● TASK OBJECTIVE: Repeat the records word for word, excluding any picture.

● MATERIAL FOR THIS EXERCISE:
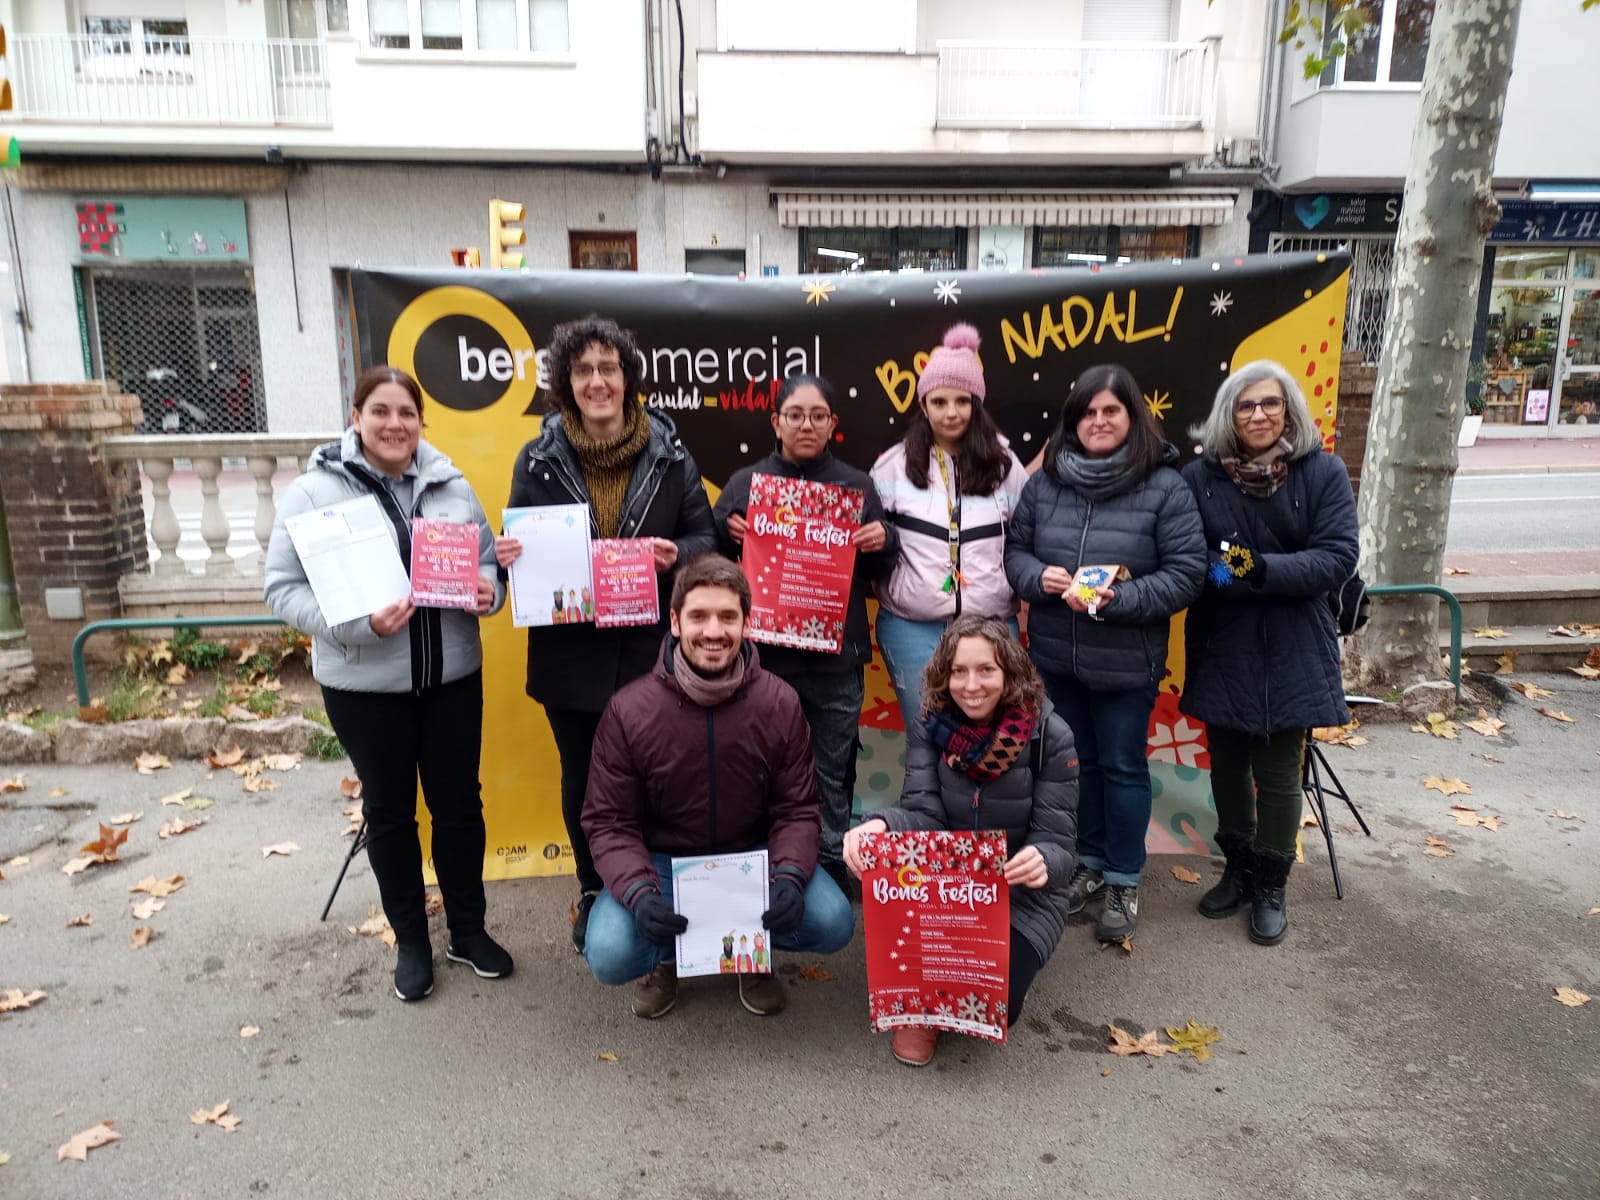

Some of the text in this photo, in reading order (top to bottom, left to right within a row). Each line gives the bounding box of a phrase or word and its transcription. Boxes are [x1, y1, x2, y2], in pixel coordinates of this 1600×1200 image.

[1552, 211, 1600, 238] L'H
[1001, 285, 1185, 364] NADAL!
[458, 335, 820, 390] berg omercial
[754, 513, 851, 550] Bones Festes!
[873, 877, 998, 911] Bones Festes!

● THE COMPLETED TASK:
Some of the text in this photo, in reading order (top to bottom, left to right within a row). Each line gives the bounding box of a phrase or word and its transcription. Boxes are [x1, y1, x2, y2], in pixel coordinates of this 1600×1200 image.

[1552, 211, 1600, 238] L'H
[1001, 285, 1185, 364] NADAL!
[458, 335, 820, 390] berg omercial
[754, 513, 851, 550] Bones Festes!
[873, 877, 998, 911] Bones Festes!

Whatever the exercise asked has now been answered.